### What is expected:
Without the pictures, repeat all of the data exactly as it appears below.

### Available data:
=-=-=
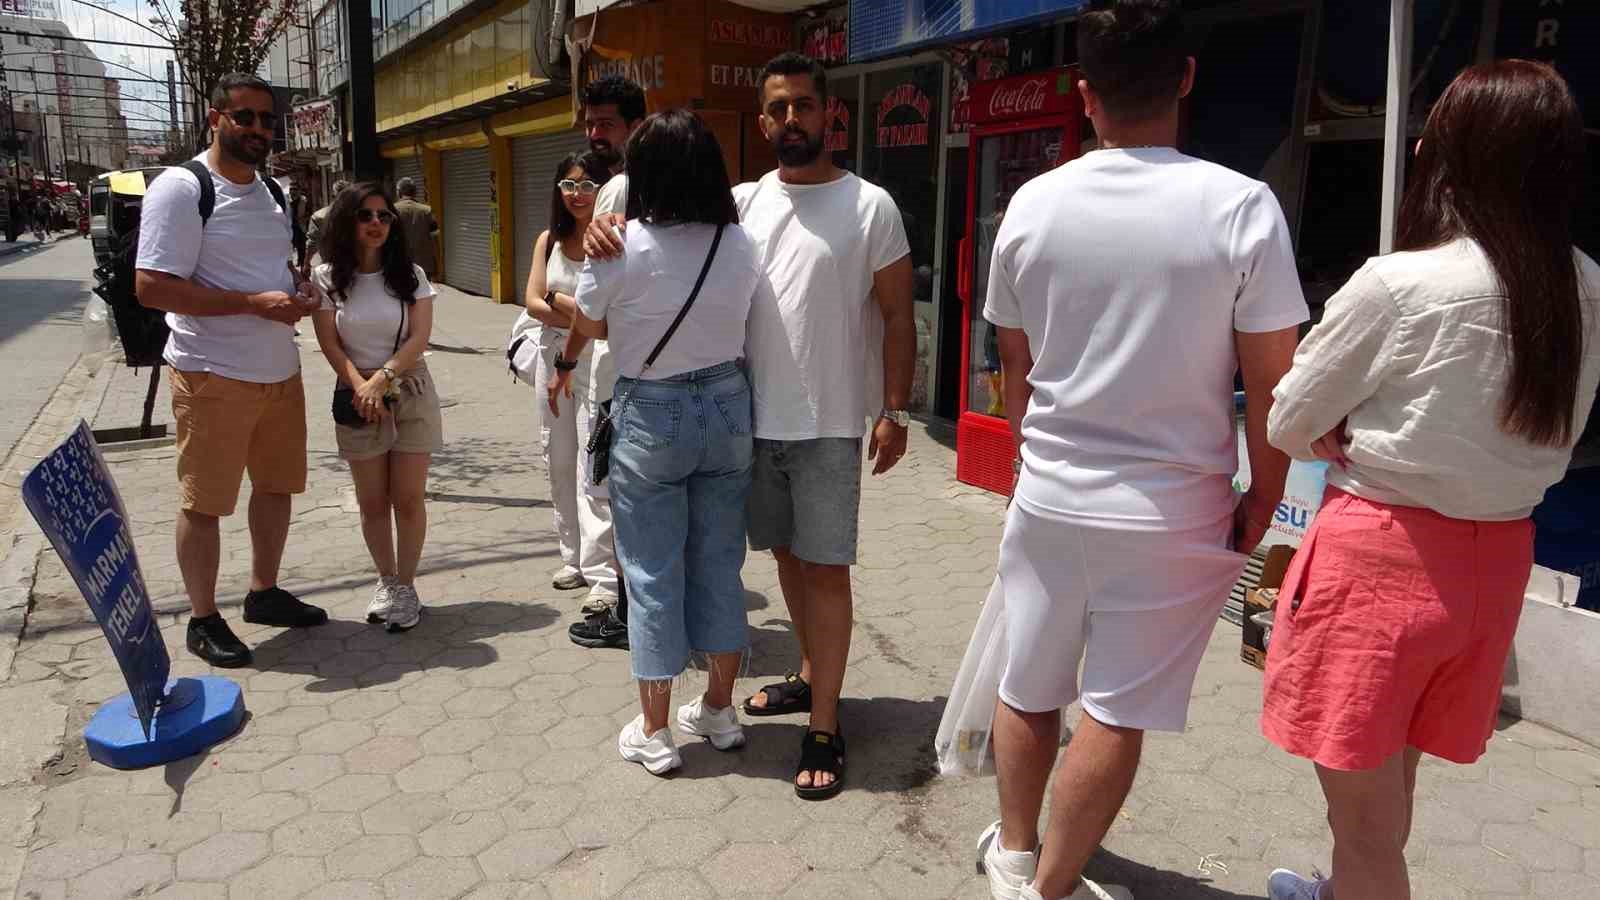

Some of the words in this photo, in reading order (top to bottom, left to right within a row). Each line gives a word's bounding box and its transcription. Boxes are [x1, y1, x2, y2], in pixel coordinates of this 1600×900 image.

[711, 64, 729, 86] ET
[1274, 503, 1307, 528] su
[108, 583, 140, 645] TEKEL
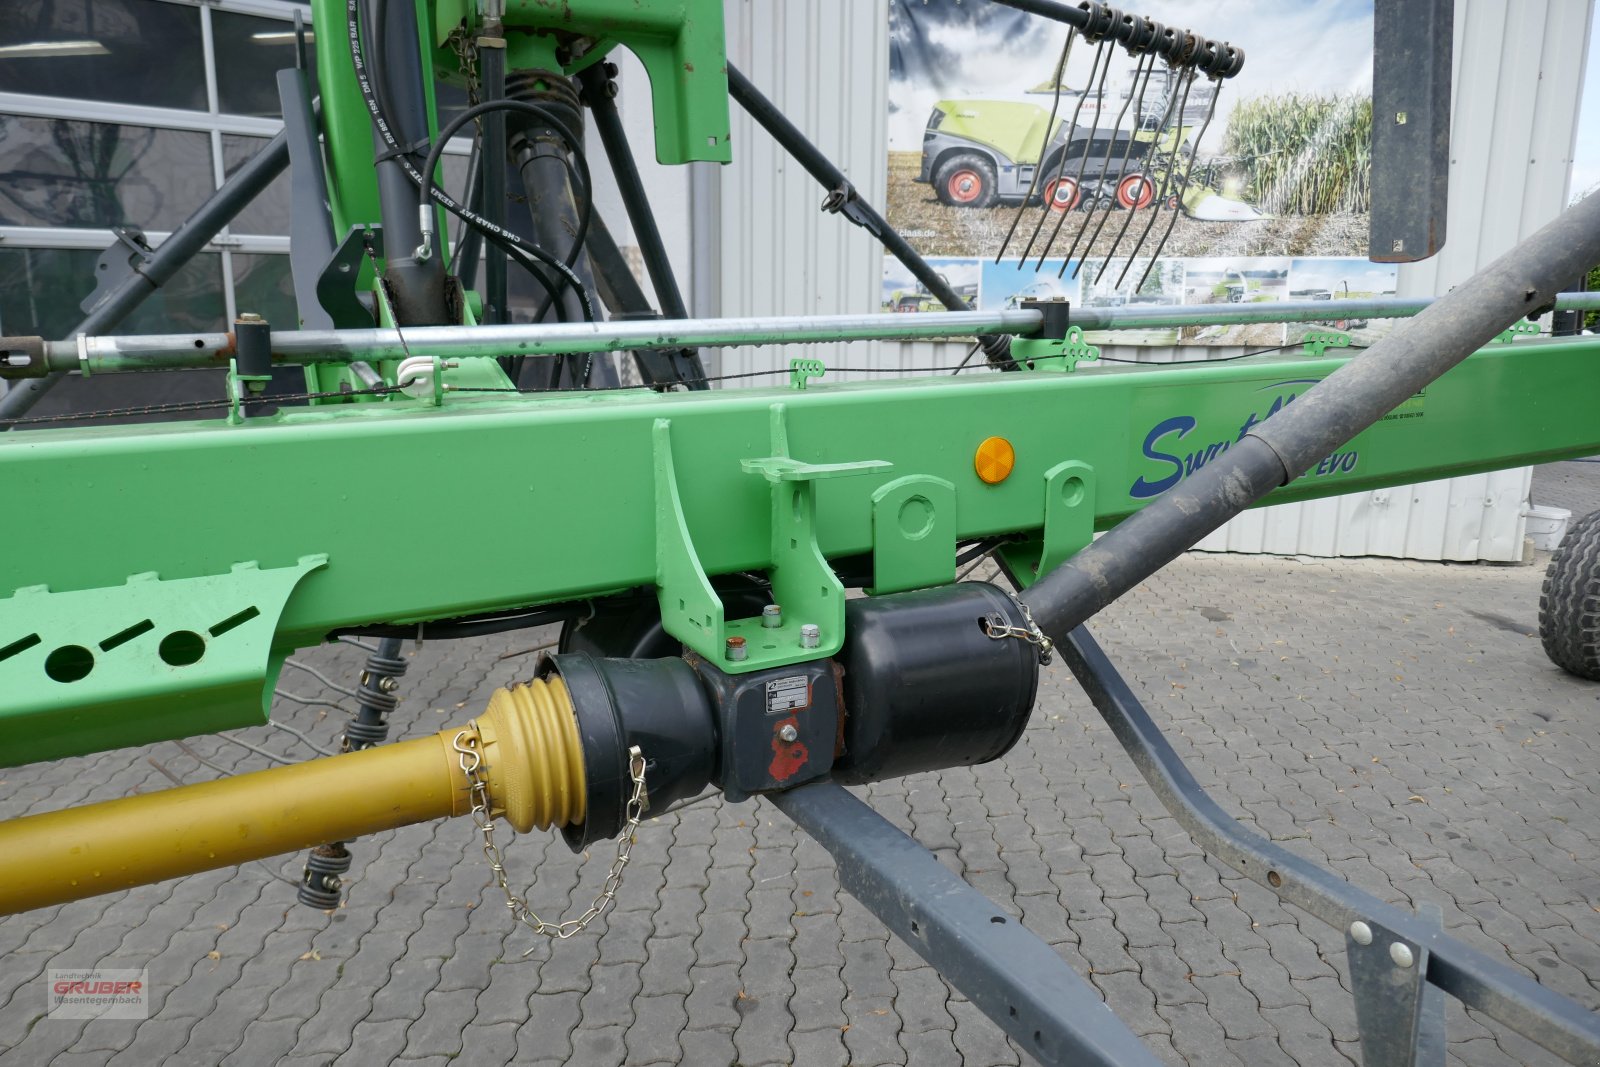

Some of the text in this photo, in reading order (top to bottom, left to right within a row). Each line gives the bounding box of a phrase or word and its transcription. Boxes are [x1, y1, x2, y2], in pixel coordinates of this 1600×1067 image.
=-=-=
### Solution:
Some of the words in this photo, in reading order (top to bottom, left to right within a row). Each line gives a word's bounding box and its transcription. Boxes are [x1, y1, x2, y2], in pixel coordinates of this 1600×900 image.

[711, 64, 729, 86] ET
[1274, 503, 1307, 528] su
[108, 583, 140, 645] TEKEL

Some of the text in this photo, in reading order (top to bottom, left to right within a row). Each line gives the bounding box of a phrase or word and its transcription. Boxes are [x1, y1, x2, y2], in pixel coordinates of this 1600×1067 image.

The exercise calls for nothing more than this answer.